El renacer nuclear coge impulso: un microreactor alcanza la criticidad en Idaho

Antares Nuclear logra un hito técnico histórico con su microreactor Mark-0 en el Laboratorio Nacional de Idaho, una señal más de que la energía nuclear vuelve a estar en el radar de los inversores.
El sector nuclear estadounidense acaba de marcar un hito técnico que no se veía todos los días. A principios de junio, el microreactor Mark-0 de Antares Nuclear alcanzó la criticidad en el Laboratorio Nacional de Idaho (INL). ¿Qué significa eso en cristiano? Que la reacción en cadena del uranio se mantiene por sí sola, generando calor de forma estable y controlada. Es el equivalente a encender el motor de un coche por primera vez: no es el viaje completo, pero demuestra que la máquina funciona.
El Mark-0 es un reactor diminuto comparado con las centrales nucleares tradicionales. Está diseñado para ser transportable, rápido de instalar y capaz de suministrar energía a bases militares, comunidades remotas o instalaciones industriales sin acceso a la red eléctrica. La demostración del 4 de junio en Idaho es un paso clave para validar la tecnología y acercarla a un despliegue comercial. Antares Nuclear, una empresa emergente con sede en California, lleva años desarrollando este concepto de reactores modulares pequeños, y ahora tiene la prueba tangible de que su diseño funciona.
Este logro llega en un momento en el que la energía nuclear vive un auténtico renacimiento. La necesidad de fuentes de energía limpias y constantes, el impulso de los centros de datos para inteligencia artificial y la búsqueda de independencia energética han puesto a los reactores nucleares de nuevo en el centro del debate. Gigantes tecnológicos como Microsoft o Google ya han firmado acuerdos para asegurarse electricidad nuclear, y el gobierno de Estados Unidos ha lanzado programas de apoyo a los reactores avanzados. El hito de Antares encaja como una pieza más en ese puzle.
Para el inversor particular, esta noticia no supone una oportunidad directa de comprar acciones de Antares, ya que la compañía no cotiza en bolsa. Pero sí es una señal de hacia dónde sopla el viento. El sector nuclear, tradicionalmente asociado a grandes corporaciones eléctricas y a una regulación lenta, se está abriendo a una nueva generación de empresas tecnológicas ágiles. Algunas de ellas, como Oklo o NuScale, sí cotizan en el mercado y han despertado un interés creciente entre los inversores que buscan exposición a esta tendencia.
El camino no está exento de obstáculos.

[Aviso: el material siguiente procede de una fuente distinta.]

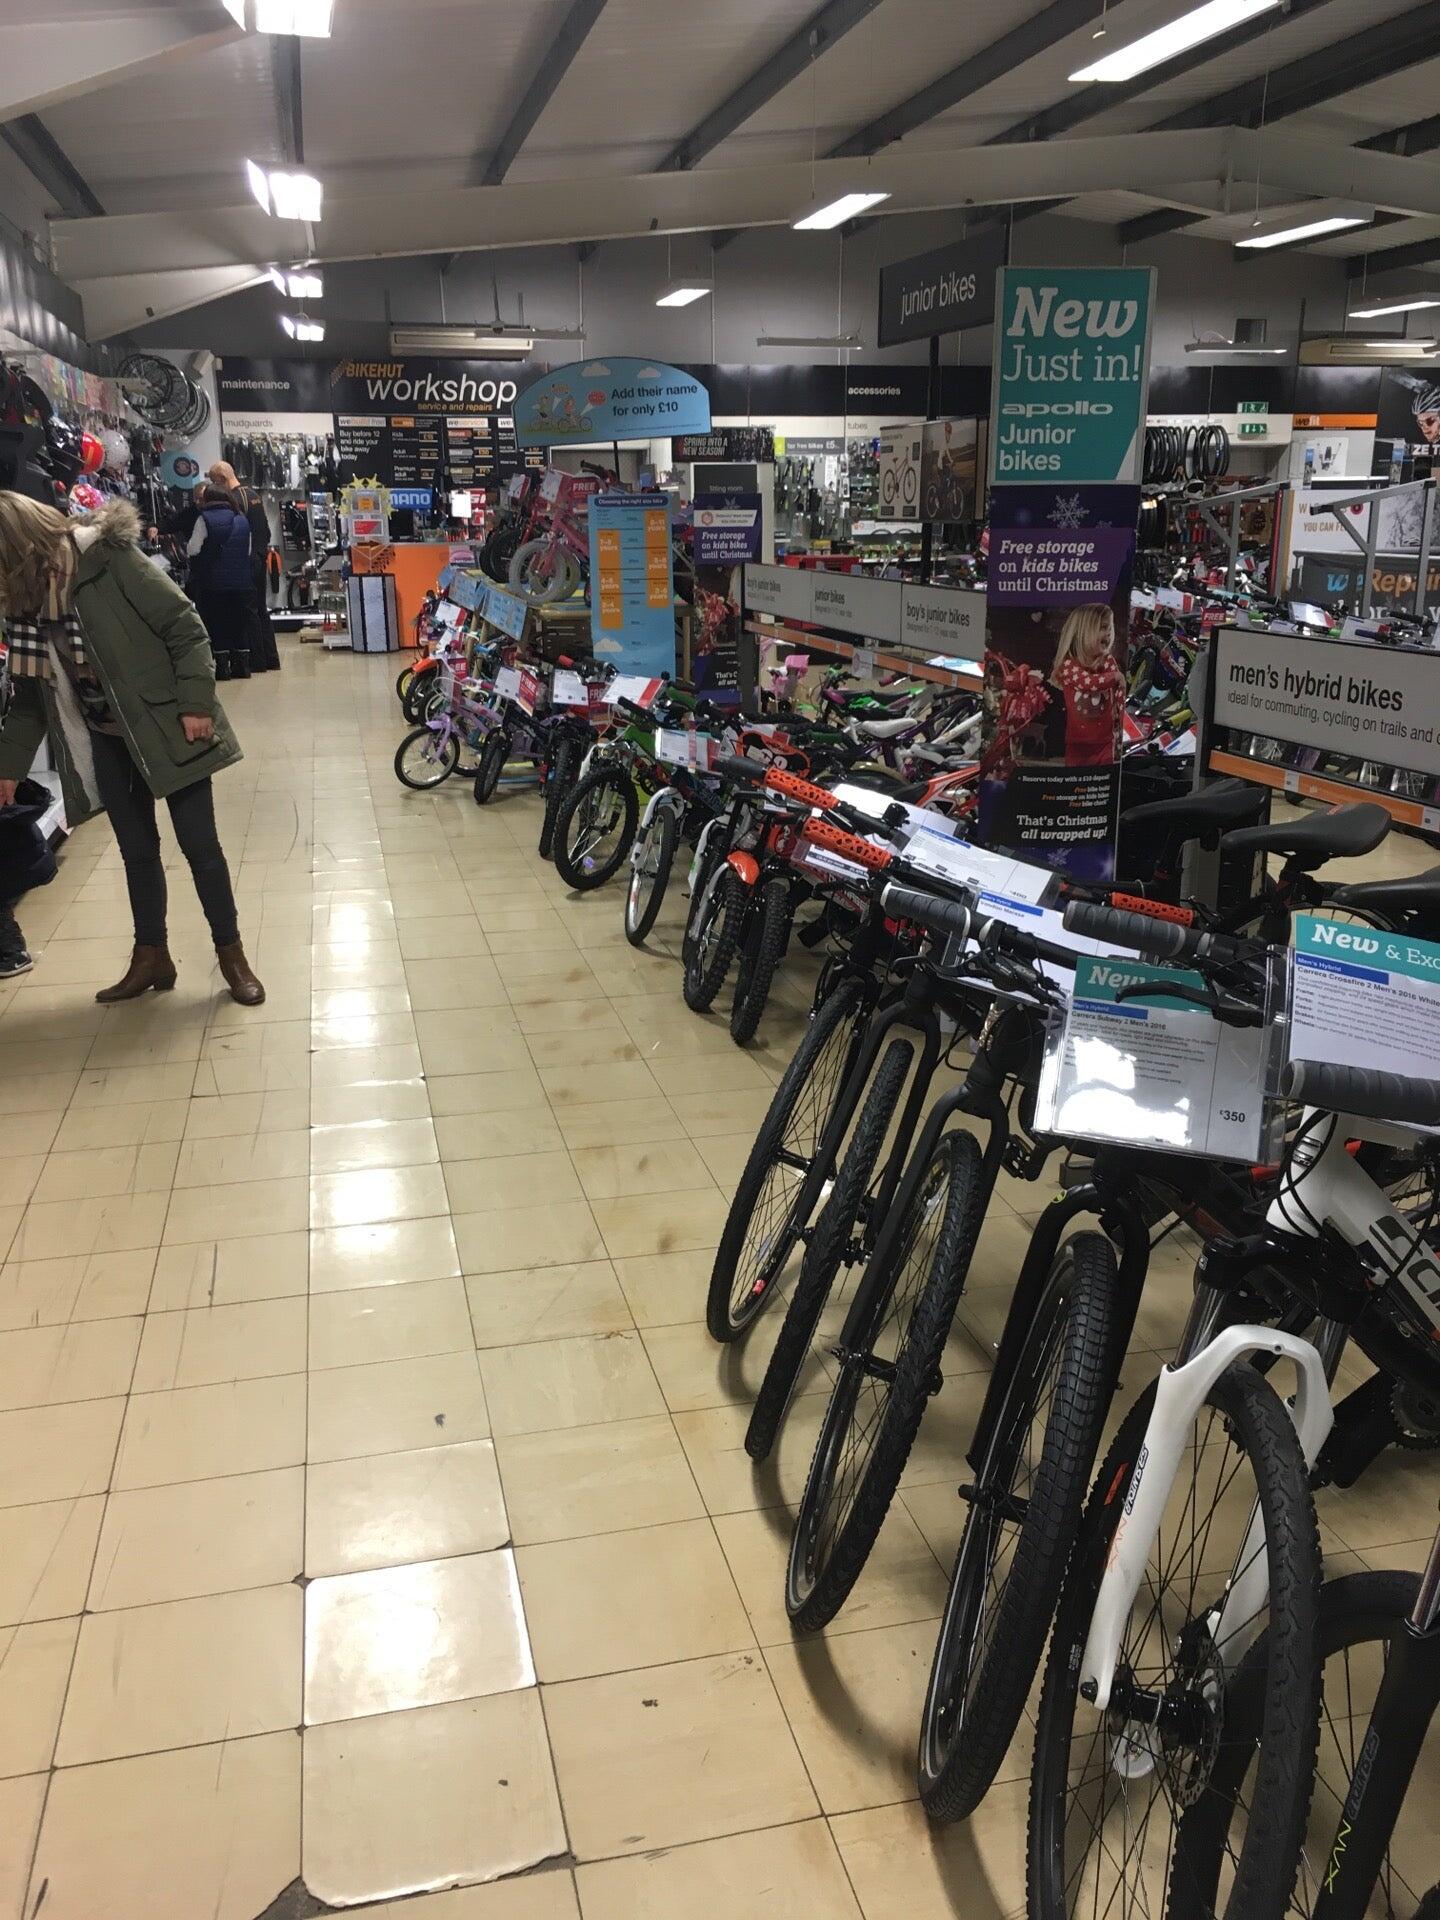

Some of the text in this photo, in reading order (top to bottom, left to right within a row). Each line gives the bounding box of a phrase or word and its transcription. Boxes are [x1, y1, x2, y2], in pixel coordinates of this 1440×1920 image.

La criticidad es solo el primer paso de un largo proceso de pruebas, certificaciones regulatorias y demostraciones comerciales. Aun así, cada hito técnico como este reduce la incertidumbre y acerca la promesa de una energía nuclear más flexible y accesible. Para quienes siguen el sector, la demostración de Antares es una prueba más de que la reactivación nuclear no es solo un eslogan: hay ingeniería real avanzando en los laboratorios.
El análisis de Salseo
- El hito de Antares valida técnicamente el concepto de microreactores transportables, un nicho que podría abrir mercados nuevos para la energía nuclear más allá de las grandes centrales, como bases militares o zonas remotas.
- La noticia refuerza la tesis de fondo del renacimiento nuclear: no es solo una cuestión de grandes reactores, sino de una nueva generación de diseños pequeños y modulares que atraen capital privado y apoyo gubernamental.
- Aunque Antares no cotiza, el avance beneficia indirectamente a competidores cotizados del sector de reactores avanzados, ya que reduce el escepticismo tecnológico y puede acelerar la financiación y las alianzas en todo el ecosistema.
- El verdadero termómetro a vigilar no es solo la criticidad, sino cuánto tarda Antares en pasar de la demostración a un prototipo comercial y qué contratos o pedidos consigue; ahí se verá si el entusiasmo se traduce en negocio.